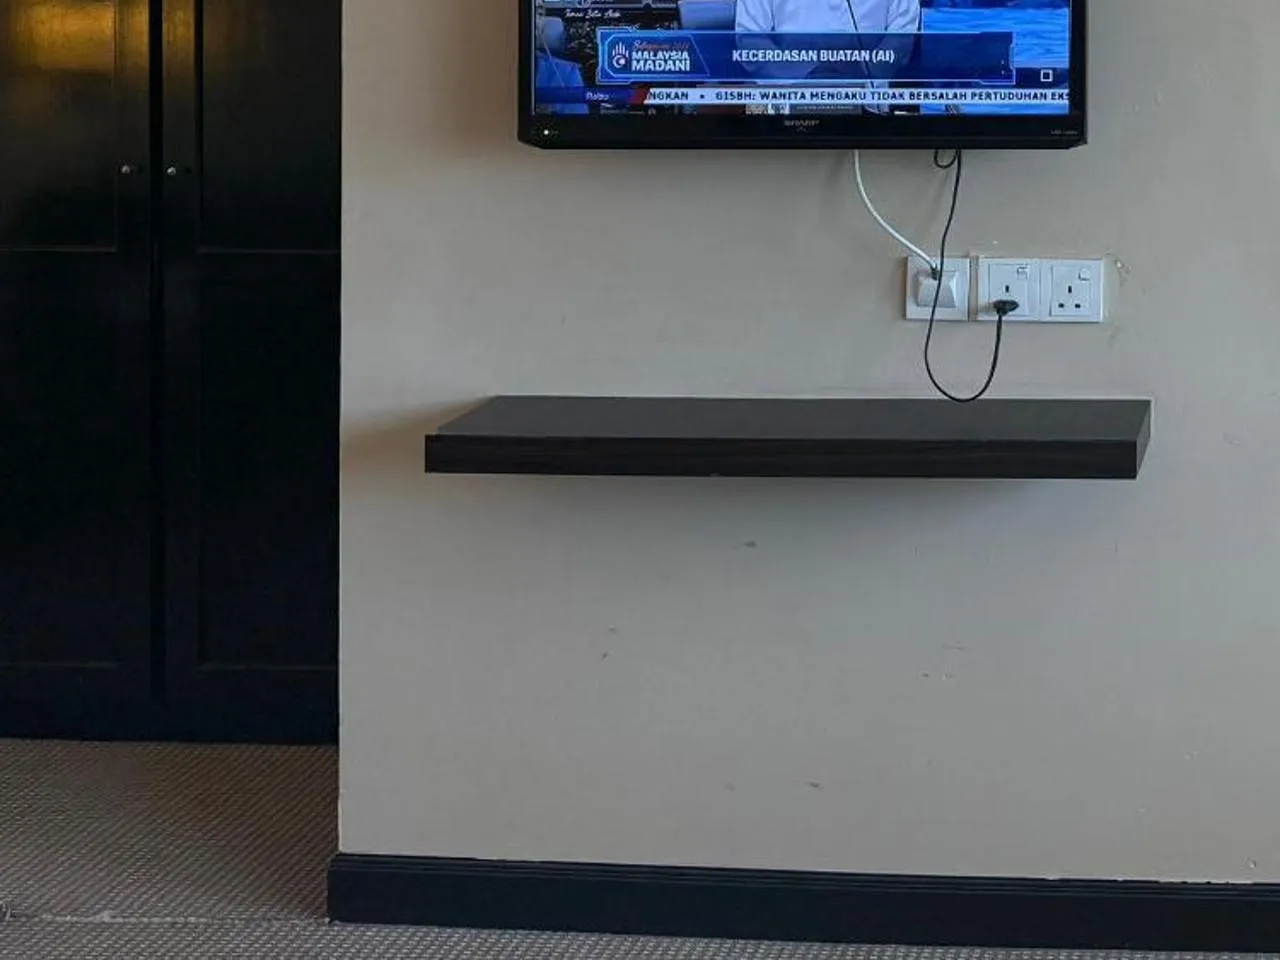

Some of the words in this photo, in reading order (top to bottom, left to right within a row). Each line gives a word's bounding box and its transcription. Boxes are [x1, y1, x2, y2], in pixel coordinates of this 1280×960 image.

[631, 50, 690, 60] MALAYSIA
[732, 49, 817, 62] KECERDASAN
[820, 50, 870, 62] BUATAN
[871, 50, 896, 63] (AI)
[631, 60, 691, 72] MADANI
[759, 91, 806, 101] WANITA
[810, 91, 866, 101] MENGAKU
[870, 91, 905, 101] TIDAK
[908, 91, 966, 101] BERSALAH
[970, 91, 1047, 101] PERTUDUHAN
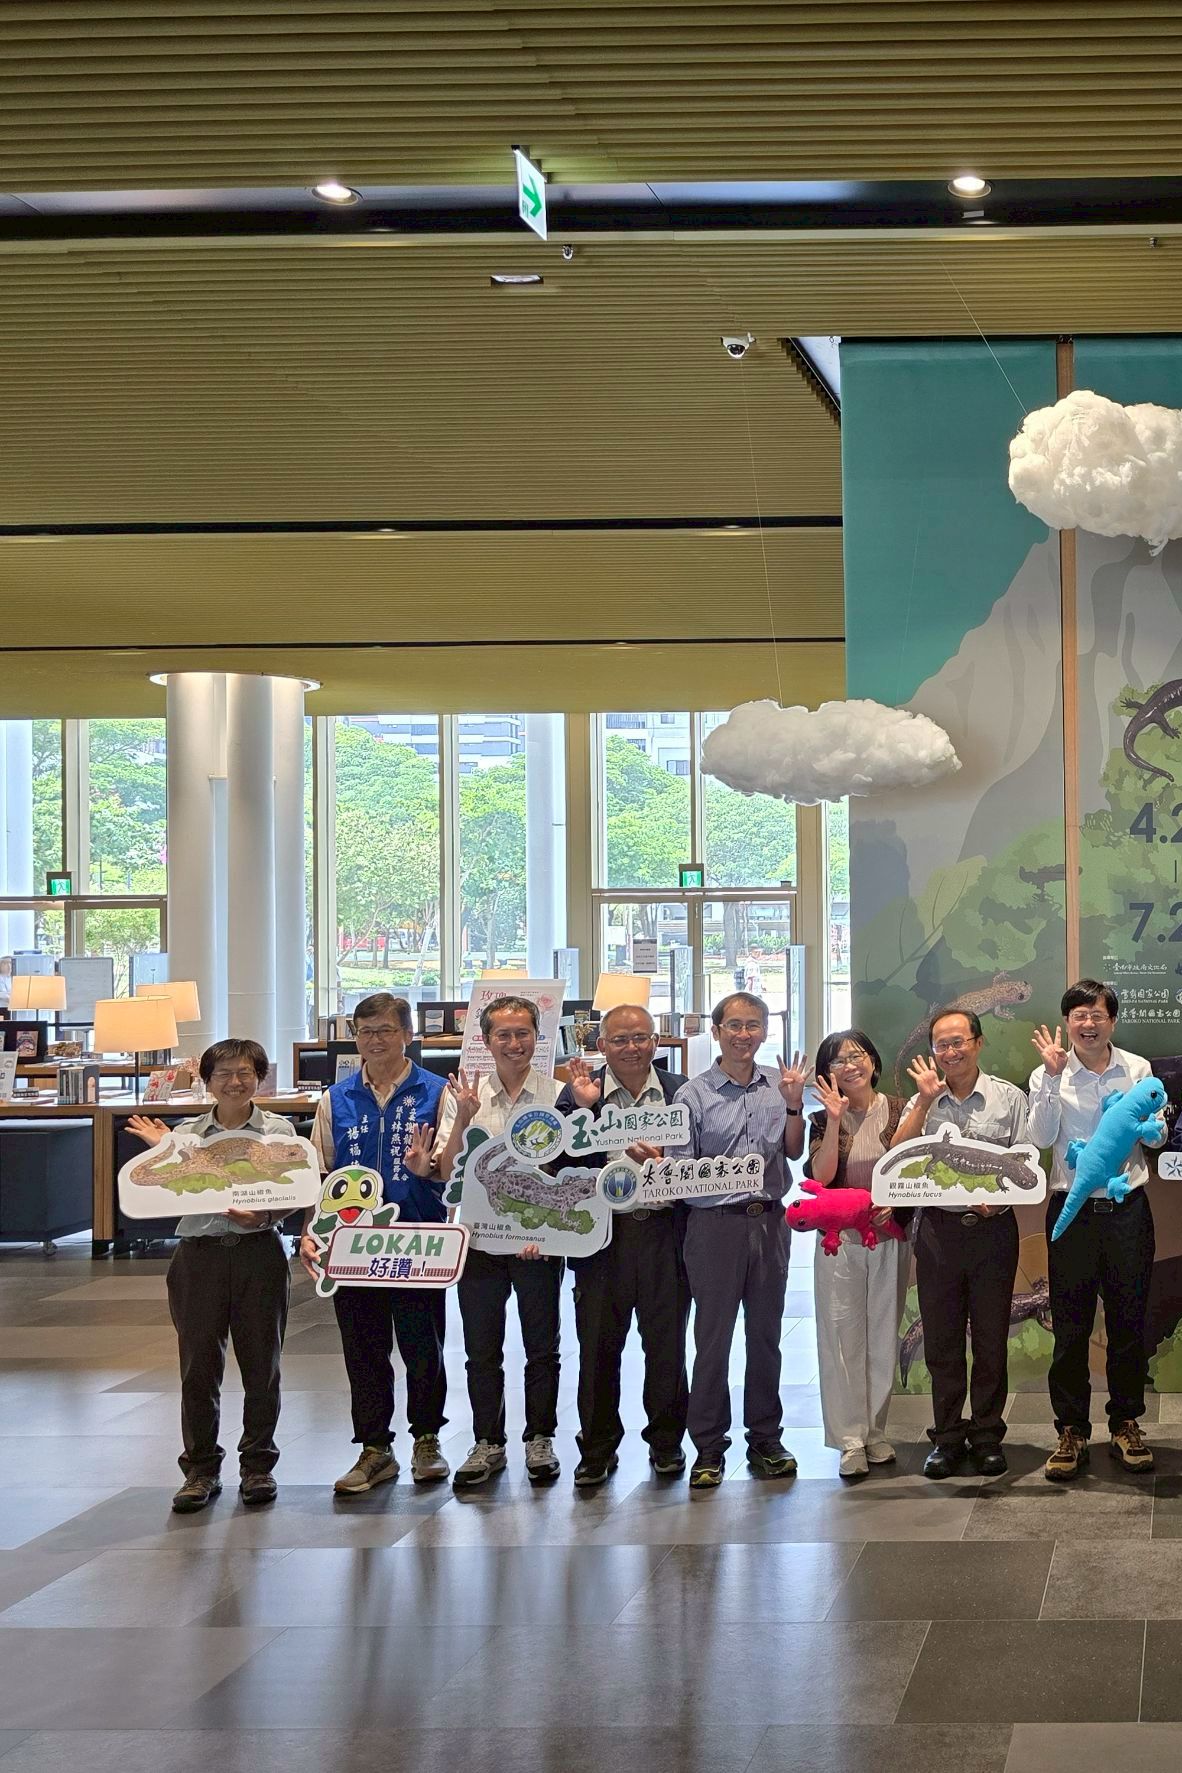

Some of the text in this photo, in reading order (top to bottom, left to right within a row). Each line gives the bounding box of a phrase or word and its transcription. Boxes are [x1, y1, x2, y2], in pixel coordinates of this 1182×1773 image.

[571, 1110, 683, 1150] 玉山國家公園
[595, 1132, 683, 1147] Yushan National Park
[643, 1159, 760, 1187] 太魯閣國家公園
[643, 1178, 759, 1199] TAROKO NATIONAL PARK
[888, 1190, 942, 1199] Hynobius fucus
[232, 1194, 296, 1205] Hynobius glacialis
[473, 1222, 512, 1232] 臺灣山椒魚
[471, 1231, 546, 1243] Hynobius formosanus
[350, 1233, 445, 1257] LOKAH
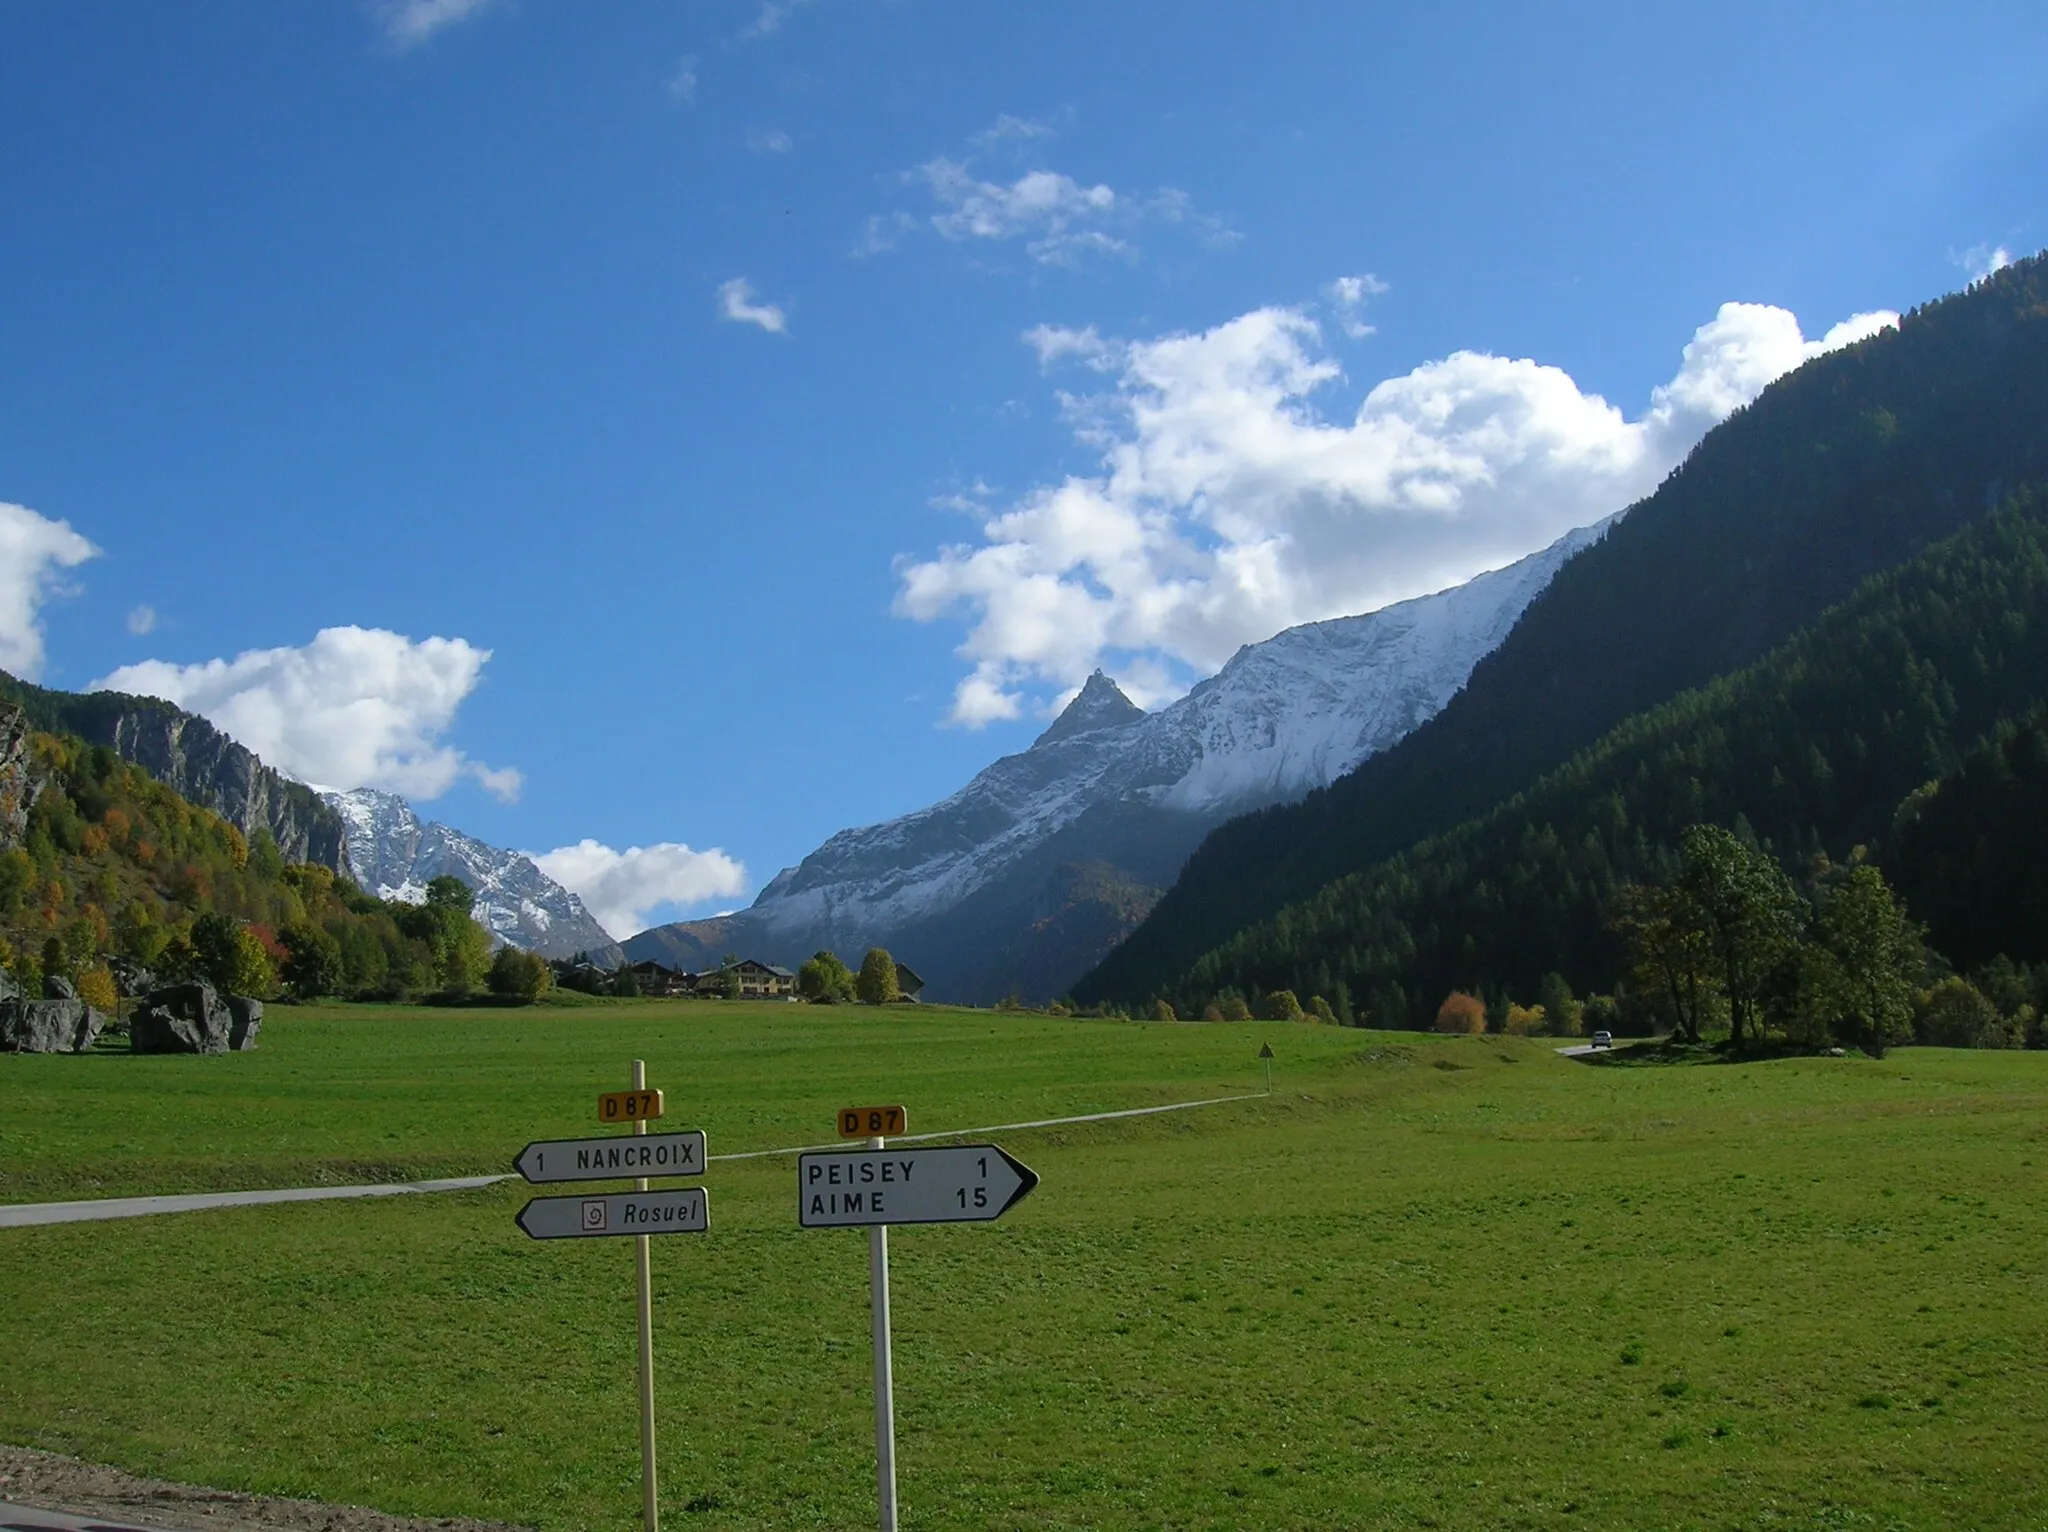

§ **Problem**:
Every entry above should come back exactly as written, except for its pictures.

§ **Task response**:
Some of the words in this photo, in reading order (top to bottom, left to right within a row). Each line gives a word's bounding box and its transcription. Boxes are [x1, y1, x2, y2], in pixel coordinates of this 1280×960 image.

[631, 50, 690, 60] MALAYSIA
[732, 49, 817, 62] KECERDASAN
[820, 50, 870, 62] BUATAN
[871, 50, 896, 63] (AI)
[631, 60, 691, 72] MADANI
[759, 91, 806, 101] WANITA
[810, 91, 866, 101] MENGAKU
[870, 91, 905, 101] TIDAK
[908, 91, 966, 101] BERSALAH
[970, 91, 1047, 101] PERTUDUHAN

Some of the text in this photo, in reading order (top to bottom, left to right within a row). Each line gives the bounding box of a phrase or word and its transcription. Boxes are [x1, y1, x2, y2], in pixel coordinates of this 1182×1773 image.

[571, 1110, 683, 1150] 玉山國家公園
[595, 1132, 683, 1147] Yushan National Park
[643, 1159, 760, 1187] 太魯閣國家公園
[643, 1178, 759, 1199] TAROKO NATIONAL PARK
[888, 1190, 942, 1199] Hynobius fucus
[232, 1194, 296, 1205] Hynobius glacialis
[473, 1222, 512, 1232] 臺灣山椒魚
[471, 1231, 546, 1243] Hynobius formosanus
[350, 1233, 445, 1257] LOKAH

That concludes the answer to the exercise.